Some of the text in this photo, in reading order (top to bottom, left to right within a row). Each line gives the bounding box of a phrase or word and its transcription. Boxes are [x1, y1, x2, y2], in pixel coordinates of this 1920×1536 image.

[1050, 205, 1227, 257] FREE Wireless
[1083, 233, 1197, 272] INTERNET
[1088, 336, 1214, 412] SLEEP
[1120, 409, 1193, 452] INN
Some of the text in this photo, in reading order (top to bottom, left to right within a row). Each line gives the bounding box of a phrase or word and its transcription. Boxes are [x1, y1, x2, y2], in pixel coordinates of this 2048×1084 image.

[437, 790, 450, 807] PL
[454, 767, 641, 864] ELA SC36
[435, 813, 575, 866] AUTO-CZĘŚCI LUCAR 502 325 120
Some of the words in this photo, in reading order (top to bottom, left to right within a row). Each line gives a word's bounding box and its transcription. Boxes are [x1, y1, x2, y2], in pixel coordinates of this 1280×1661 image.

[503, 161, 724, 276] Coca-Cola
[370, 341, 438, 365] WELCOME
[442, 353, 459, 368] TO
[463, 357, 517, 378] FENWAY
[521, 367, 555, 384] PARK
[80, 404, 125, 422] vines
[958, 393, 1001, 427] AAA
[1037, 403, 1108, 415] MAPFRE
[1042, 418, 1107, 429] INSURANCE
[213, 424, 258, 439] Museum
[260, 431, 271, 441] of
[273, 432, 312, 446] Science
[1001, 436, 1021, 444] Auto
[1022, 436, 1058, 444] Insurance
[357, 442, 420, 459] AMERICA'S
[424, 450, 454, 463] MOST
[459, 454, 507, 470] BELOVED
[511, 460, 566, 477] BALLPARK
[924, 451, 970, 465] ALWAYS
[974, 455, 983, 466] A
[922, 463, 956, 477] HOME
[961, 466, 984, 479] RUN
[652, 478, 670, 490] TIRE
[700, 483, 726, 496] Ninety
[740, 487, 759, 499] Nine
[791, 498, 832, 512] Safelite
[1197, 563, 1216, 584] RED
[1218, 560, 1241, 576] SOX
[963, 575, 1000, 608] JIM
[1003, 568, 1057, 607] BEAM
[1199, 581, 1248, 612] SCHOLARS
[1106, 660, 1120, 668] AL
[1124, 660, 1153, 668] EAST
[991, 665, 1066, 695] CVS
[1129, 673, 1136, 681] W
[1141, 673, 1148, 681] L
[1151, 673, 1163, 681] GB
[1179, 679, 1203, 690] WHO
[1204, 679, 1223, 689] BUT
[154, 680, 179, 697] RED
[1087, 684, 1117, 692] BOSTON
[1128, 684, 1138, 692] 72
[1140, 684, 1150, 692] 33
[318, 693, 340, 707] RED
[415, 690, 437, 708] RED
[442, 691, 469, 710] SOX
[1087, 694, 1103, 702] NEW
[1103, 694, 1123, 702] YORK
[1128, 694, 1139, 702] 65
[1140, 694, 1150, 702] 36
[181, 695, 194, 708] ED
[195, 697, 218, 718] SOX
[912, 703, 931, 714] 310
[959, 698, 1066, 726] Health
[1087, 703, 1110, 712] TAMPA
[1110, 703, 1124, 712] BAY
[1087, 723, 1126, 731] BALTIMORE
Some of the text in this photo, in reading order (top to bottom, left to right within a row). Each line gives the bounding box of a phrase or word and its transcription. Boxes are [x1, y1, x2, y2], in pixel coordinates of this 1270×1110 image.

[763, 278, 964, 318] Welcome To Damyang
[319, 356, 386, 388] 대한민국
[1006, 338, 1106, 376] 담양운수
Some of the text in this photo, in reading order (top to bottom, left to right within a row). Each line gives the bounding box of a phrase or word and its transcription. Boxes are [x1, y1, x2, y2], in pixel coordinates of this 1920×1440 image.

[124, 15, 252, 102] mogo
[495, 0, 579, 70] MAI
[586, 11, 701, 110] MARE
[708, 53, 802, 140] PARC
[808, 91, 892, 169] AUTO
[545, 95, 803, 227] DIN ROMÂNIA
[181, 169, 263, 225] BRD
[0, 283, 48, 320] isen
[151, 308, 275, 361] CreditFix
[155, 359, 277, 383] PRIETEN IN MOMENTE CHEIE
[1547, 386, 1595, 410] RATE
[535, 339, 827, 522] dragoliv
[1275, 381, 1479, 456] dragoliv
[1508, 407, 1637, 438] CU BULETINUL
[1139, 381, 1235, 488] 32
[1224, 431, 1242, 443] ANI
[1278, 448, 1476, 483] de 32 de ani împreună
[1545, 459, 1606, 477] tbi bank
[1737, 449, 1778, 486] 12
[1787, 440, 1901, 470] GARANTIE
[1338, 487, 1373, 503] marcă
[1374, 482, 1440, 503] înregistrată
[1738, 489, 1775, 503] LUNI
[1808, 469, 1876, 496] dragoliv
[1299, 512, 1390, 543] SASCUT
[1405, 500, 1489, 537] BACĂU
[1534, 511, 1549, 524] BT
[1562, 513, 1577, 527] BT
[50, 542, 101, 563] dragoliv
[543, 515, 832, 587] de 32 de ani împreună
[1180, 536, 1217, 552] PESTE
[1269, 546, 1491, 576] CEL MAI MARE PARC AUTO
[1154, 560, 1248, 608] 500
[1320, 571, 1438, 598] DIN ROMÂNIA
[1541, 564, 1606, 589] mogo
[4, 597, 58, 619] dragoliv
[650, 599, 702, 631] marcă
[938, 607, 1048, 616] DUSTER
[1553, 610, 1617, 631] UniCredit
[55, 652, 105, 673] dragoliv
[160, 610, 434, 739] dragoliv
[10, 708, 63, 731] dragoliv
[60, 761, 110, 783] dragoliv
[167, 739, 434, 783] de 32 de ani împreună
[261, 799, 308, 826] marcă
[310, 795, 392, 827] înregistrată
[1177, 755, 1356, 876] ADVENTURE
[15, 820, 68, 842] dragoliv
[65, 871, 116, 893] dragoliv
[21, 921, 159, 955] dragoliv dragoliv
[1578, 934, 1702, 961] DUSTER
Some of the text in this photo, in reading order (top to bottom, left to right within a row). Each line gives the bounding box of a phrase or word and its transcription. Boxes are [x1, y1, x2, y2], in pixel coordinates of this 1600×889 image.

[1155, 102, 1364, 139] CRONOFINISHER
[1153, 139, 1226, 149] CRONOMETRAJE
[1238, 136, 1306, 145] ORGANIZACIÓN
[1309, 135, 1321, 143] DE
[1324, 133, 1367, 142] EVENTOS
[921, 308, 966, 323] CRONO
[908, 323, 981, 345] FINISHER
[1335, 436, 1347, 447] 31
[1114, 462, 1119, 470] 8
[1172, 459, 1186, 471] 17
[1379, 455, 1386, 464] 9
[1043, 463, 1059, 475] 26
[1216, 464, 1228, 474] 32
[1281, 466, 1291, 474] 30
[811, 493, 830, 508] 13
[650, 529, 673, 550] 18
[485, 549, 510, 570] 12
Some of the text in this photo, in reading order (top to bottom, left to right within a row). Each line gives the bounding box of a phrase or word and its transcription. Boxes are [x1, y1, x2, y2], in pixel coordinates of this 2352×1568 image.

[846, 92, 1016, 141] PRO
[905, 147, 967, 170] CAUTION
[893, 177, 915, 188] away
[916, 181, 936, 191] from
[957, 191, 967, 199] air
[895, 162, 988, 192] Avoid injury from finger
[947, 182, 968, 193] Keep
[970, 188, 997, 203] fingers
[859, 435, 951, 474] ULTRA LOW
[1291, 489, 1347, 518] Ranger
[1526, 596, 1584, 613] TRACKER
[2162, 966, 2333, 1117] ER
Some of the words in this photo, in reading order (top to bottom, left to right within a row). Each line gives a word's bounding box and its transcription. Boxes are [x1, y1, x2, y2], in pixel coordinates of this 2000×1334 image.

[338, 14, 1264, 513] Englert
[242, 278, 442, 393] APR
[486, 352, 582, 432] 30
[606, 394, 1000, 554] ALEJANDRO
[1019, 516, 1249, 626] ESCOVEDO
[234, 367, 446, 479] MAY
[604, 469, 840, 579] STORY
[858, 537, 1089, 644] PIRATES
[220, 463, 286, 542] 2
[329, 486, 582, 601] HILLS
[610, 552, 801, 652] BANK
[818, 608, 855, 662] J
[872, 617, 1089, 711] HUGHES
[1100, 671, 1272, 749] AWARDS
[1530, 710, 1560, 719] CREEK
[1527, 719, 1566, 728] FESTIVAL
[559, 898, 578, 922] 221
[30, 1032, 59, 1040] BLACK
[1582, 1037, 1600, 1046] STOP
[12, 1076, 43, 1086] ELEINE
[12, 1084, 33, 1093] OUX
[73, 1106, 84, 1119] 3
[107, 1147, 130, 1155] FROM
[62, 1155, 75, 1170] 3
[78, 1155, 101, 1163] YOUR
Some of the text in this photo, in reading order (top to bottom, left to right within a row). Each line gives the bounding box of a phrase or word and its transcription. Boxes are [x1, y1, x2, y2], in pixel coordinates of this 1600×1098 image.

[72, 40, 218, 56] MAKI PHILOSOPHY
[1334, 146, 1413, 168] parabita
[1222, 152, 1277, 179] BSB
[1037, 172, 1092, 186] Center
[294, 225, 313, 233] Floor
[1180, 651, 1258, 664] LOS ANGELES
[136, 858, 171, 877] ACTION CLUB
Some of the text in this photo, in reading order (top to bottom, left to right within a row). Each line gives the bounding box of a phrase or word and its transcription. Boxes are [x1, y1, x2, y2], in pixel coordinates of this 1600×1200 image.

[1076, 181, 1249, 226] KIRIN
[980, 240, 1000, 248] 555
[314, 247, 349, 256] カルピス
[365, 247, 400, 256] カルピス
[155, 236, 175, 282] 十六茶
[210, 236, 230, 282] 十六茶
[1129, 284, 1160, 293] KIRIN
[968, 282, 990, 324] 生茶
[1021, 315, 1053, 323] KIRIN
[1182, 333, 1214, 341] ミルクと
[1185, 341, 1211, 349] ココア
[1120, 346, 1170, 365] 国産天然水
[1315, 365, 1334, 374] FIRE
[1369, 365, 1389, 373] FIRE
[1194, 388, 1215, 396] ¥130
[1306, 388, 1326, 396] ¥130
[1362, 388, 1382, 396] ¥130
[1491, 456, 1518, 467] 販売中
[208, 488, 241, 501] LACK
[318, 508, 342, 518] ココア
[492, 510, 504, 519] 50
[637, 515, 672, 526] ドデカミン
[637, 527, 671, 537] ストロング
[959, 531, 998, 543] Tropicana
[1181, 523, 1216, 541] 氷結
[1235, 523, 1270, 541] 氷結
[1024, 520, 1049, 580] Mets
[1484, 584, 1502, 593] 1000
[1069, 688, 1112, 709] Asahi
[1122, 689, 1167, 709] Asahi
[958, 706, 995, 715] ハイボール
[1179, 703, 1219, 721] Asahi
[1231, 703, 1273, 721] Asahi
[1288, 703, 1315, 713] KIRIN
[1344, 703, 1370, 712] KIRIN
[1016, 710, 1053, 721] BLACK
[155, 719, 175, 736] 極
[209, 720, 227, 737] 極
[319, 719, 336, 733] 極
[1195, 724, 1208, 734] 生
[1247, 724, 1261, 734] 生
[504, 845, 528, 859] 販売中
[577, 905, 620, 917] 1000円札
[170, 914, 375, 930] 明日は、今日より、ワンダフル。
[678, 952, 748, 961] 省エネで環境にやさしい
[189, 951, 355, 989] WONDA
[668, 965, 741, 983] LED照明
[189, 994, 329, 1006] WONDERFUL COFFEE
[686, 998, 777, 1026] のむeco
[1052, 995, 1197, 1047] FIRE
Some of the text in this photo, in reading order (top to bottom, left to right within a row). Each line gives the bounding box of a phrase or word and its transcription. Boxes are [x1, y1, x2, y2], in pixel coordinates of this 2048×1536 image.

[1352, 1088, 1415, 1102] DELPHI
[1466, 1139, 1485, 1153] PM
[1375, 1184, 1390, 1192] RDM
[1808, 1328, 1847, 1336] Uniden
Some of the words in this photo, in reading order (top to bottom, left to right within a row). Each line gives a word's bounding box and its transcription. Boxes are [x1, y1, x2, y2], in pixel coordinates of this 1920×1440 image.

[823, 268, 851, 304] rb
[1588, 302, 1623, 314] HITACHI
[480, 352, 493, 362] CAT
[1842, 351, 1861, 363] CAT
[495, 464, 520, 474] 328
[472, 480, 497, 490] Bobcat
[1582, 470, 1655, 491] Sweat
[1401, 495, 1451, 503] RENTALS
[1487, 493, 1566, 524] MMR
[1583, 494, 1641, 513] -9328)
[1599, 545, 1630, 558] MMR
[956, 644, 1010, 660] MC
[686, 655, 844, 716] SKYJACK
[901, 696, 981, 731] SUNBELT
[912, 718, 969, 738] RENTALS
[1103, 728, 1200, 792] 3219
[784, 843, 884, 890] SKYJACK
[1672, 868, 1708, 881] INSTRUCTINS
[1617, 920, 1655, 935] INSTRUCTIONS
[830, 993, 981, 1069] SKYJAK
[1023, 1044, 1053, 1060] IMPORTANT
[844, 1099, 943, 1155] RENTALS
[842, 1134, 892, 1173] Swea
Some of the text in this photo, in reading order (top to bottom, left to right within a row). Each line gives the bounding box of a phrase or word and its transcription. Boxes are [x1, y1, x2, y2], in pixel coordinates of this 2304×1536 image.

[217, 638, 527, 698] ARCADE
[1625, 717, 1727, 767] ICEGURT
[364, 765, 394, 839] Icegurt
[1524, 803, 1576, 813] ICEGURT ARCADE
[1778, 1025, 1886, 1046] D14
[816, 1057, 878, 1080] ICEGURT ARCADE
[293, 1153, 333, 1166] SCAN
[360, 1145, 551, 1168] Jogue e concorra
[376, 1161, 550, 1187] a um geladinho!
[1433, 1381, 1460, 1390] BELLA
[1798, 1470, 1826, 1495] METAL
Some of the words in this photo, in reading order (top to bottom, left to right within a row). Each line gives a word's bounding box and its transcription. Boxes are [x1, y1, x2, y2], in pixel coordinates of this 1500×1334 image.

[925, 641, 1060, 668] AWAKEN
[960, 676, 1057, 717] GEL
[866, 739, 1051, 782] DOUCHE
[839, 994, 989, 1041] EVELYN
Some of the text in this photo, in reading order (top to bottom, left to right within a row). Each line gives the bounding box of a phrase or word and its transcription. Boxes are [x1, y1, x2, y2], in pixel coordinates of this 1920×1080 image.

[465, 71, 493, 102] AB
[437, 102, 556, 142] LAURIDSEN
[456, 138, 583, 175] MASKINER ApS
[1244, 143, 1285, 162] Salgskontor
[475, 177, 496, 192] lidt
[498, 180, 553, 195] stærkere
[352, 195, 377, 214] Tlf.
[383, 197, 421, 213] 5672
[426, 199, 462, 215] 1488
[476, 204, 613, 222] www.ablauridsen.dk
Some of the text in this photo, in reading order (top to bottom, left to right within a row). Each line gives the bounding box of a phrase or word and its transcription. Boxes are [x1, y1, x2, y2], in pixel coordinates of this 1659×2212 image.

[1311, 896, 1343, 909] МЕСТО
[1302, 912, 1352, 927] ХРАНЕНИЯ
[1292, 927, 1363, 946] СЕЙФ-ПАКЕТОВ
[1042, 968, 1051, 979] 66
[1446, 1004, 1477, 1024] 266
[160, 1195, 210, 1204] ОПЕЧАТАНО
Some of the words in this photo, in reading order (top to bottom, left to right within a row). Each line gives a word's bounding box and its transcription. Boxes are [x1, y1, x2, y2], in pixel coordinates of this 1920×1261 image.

---*---

Exercise: Exactly reproduce the lines from the one containing "this 1920×1080 image." through the end of the records, and only those lines.

Exercise solution:
Some of the text in this photo, in reading order (top to bottom, left to right within a row). Each line gives the bounding box of a phrase or word and its transcription. Boxes are [x1, y1, x2, y2], in pixel coordinates of this 1920×1080 image.

[465, 71, 493, 102] AB
[437, 102, 556, 142] LAURIDSEN
[456, 138, 583, 175] MASKINER ApS
[1244, 143, 1285, 162] Salgskontor
[475, 177, 496, 192] lidt
[498, 180, 553, 195] stærkere
[352, 195, 377, 214] Tlf.
[383, 197, 421, 213] 5672
[426, 199, 462, 215] 1488
[476, 204, 613, 222] www.ablauridsen.dk
Some of the text in this photo, in reading order (top to bottom, left to right within a row). Each line gives the bounding box of a phrase or word and its transcription. Boxes are [x1, y1, x2, y2], in pixel coordinates of this 1659×2212 image.

[1311, 896, 1343, 909] МЕСТО
[1302, 912, 1352, 927] ХРАНЕНИЯ
[1292, 927, 1363, 946] СЕЙФ-ПАКЕТОВ
[1042, 968, 1051, 979] 66
[1446, 1004, 1477, 1024] 266
[160, 1195, 210, 1204] ОПЕЧАТАНО
Some of the words in this photo, in reading order (top to bottom, left to right within a row). Each line gives a word's bounding box and its transcription. Boxes are [x1, y1, x2, y2], in pixel coordinates of this 1920×1261 image.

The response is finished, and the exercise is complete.